Problem: All of the data needs to come back exactly as written.

━━━━━ Recorded information

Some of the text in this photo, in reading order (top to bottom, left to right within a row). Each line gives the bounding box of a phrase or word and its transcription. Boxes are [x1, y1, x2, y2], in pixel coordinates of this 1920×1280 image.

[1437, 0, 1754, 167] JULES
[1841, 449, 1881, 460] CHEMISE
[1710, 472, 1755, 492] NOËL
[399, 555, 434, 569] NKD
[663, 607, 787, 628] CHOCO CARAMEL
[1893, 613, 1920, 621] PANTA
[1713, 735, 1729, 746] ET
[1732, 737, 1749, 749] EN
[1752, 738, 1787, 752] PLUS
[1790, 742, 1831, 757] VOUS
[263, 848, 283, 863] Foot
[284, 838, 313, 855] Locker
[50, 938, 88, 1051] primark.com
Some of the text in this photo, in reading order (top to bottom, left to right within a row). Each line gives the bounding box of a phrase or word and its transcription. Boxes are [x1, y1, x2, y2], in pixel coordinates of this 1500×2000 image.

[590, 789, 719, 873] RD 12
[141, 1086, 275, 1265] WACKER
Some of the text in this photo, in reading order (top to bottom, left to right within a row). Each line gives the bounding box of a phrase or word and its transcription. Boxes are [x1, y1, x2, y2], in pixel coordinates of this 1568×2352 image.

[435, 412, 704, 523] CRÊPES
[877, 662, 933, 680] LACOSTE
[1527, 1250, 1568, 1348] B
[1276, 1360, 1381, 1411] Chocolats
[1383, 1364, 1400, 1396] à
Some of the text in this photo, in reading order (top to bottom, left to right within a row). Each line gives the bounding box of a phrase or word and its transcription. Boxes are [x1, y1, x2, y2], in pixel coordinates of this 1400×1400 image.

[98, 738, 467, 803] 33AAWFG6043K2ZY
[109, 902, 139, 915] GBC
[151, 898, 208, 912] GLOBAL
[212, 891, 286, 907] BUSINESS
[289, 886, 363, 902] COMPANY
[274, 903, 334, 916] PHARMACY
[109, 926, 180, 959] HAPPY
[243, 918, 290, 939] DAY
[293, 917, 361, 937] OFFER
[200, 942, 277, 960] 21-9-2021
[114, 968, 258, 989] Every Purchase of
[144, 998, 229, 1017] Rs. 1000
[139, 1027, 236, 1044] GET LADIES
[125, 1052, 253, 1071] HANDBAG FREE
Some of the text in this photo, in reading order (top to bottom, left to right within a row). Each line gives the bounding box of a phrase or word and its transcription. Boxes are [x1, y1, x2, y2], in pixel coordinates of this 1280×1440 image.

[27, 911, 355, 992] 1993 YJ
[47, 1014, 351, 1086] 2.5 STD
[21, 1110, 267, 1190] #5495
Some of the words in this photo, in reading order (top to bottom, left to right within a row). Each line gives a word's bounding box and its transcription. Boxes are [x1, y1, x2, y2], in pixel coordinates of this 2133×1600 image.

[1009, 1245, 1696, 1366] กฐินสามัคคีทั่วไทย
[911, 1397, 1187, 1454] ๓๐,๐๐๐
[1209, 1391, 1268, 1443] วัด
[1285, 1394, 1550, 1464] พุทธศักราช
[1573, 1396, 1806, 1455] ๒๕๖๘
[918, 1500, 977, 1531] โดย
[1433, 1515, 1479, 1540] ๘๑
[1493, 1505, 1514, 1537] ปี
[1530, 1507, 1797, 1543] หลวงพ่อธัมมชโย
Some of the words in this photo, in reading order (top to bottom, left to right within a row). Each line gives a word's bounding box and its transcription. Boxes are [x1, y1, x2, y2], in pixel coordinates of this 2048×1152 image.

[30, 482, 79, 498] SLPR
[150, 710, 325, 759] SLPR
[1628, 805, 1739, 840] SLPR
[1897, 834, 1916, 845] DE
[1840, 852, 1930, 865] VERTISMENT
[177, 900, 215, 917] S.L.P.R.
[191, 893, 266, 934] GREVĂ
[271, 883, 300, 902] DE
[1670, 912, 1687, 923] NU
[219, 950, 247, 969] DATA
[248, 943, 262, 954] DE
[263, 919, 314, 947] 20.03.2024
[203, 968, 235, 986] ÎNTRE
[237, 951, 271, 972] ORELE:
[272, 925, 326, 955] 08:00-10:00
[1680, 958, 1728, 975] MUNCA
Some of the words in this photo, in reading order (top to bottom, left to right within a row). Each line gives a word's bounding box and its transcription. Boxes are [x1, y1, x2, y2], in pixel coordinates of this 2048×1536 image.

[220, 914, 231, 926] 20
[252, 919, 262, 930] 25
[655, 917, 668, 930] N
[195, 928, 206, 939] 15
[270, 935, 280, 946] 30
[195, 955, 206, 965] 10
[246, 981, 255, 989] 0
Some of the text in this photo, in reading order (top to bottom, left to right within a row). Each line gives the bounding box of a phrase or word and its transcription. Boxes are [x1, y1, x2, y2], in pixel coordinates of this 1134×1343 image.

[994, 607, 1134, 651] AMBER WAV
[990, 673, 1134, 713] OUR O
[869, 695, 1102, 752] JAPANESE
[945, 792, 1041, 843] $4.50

━━━━━━━━━━

Answer for this exercise:
Some of the text in this photo, in reading order (top to bottom, left to right within a row). Each line gives the bounding box of a phrase or word and its transcription. Boxes are [x1, y1, x2, y2], in pixel coordinates of this 1920×1280 image.

[1437, 0, 1754, 167] JULES
[1841, 449, 1881, 460] CHEMISE
[1710, 472, 1755, 492] NOËL
[399, 555, 434, 569] NKD
[663, 607, 787, 628] CHOCO CARAMEL
[1893, 613, 1920, 621] PANTA
[1713, 735, 1729, 746] ET
[1732, 737, 1749, 749] EN
[1752, 738, 1787, 752] PLUS
[1790, 742, 1831, 757] VOUS
[263, 848, 283, 863] Foot
[284, 838, 313, 855] Locker
[50, 938, 88, 1051] primark.com
Some of the text in this photo, in reading order (top to bottom, left to right within a row). Each line gives the bounding box of a phrase or word and its transcription. Boxes are [x1, y1, x2, y2], in pixel coordinates of this 1500×2000 image.

[590, 789, 719, 873] RD 12
[141, 1086, 275, 1265] WACKER
Some of the text in this photo, in reading order (top to bottom, left to right within a row). Each line gives the bounding box of a phrase or word and its transcription. Boxes are [x1, y1, x2, y2], in pixel coordinates of this 1568×2352 image.

[435, 412, 704, 523] CRÊPES
[877, 662, 933, 680] LACOSTE
[1527, 1250, 1568, 1348] B
[1276, 1360, 1381, 1411] Chocolats
[1383, 1364, 1400, 1396] à
Some of the text in this photo, in reading order (top to bottom, left to right within a row). Each line gives the bounding box of a phrase or word and its transcription. Boxes are [x1, y1, x2, y2], in pixel coordinates of this 1400×1400 image.

[98, 738, 467, 803] 33AAWFG6043K2ZY
[109, 902, 139, 915] GBC
[151, 898, 208, 912] GLOBAL
[212, 891, 286, 907] BUSINESS
[289, 886, 363, 902] COMPANY
[274, 903, 334, 916] PHARMACY
[109, 926, 180, 959] HAPPY
[243, 918, 290, 939] DAY
[293, 917, 361, 937] OFFER
[200, 942, 277, 960] 21-9-2021
[114, 968, 258, 989] Every Purchase of
[144, 998, 229, 1017] Rs. 1000
[139, 1027, 236, 1044] GET LADIES
[125, 1052, 253, 1071] HANDBAG FREE
Some of the text in this photo, in reading order (top to bottom, left to right within a row). Each line gives the bounding box of a phrase or word and its transcription. Boxes are [x1, y1, x2, y2], in pixel coordinates of this 1280×1440 image.

[27, 911, 355, 992] 1993 YJ
[47, 1014, 351, 1086] 2.5 STD
[21, 1110, 267, 1190] #5495
Some of the words in this photo, in reading order (top to bottom, left to right within a row). Each line gives a word's bounding box and its transcription. Boxes are [x1, y1, x2, y2], in pixel coordinates of this 2133×1600 image.

[1009, 1245, 1696, 1366] กฐินสามัคคีทั่วไทย
[911, 1397, 1187, 1454] ๓๐,๐๐๐
[1209, 1391, 1268, 1443] วัด
[1285, 1394, 1550, 1464] พุทธศักราช
[1573, 1396, 1806, 1455] ๒๕๖๘
[918, 1500, 977, 1531] โดย
[1433, 1515, 1479, 1540] ๘๑
[1493, 1505, 1514, 1537] ปี
[1530, 1507, 1797, 1543] หลวงพ่อธัมมชโย
Some of the words in this photo, in reading order (top to bottom, left to right within a row). Each line gives a word's bounding box and its transcription. Boxes are [x1, y1, x2, y2], in pixel coordinates of this 2048×1152 image.

[30, 482, 79, 498] SLPR
[150, 710, 325, 759] SLPR
[1628, 805, 1739, 840] SLPR
[1897, 834, 1916, 845] DE
[1840, 852, 1930, 865] VERTISMENT
[177, 900, 215, 917] S.L.P.R.
[191, 893, 266, 934] GREVĂ
[271, 883, 300, 902] DE
[1670, 912, 1687, 923] NU
[219, 950, 247, 969] DATA
[248, 943, 262, 954] DE
[263, 919, 314, 947] 20.03.2024
[203, 968, 235, 986] ÎNTRE
[237, 951, 271, 972] ORELE:
[272, 925, 326, 955] 08:00-10:00
[1680, 958, 1728, 975] MUNCA
Some of the words in this photo, in reading order (top to bottom, left to right within a row). Each line gives a word's bounding box and its transcription. Boxes are [x1, y1, x2, y2], in pixel coordinates of this 2048×1536 image.

[220, 914, 231, 926] 20
[252, 919, 262, 930] 25
[655, 917, 668, 930] N
[195, 928, 206, 939] 15
[270, 935, 280, 946] 30
[195, 955, 206, 965] 10
[246, 981, 255, 989] 0
Some of the text in this photo, in reading order (top to bottom, left to right within a row). Each line gives the bounding box of a phrase or word and its transcription. Boxes are [x1, y1, x2, y2], in pixel coordinates of this 1134×1343 image.

[994, 607, 1134, 651] AMBER WAV
[990, 673, 1134, 713] OUR O
[869, 695, 1102, 752] JAPANESE
[945, 792, 1041, 843] $4.50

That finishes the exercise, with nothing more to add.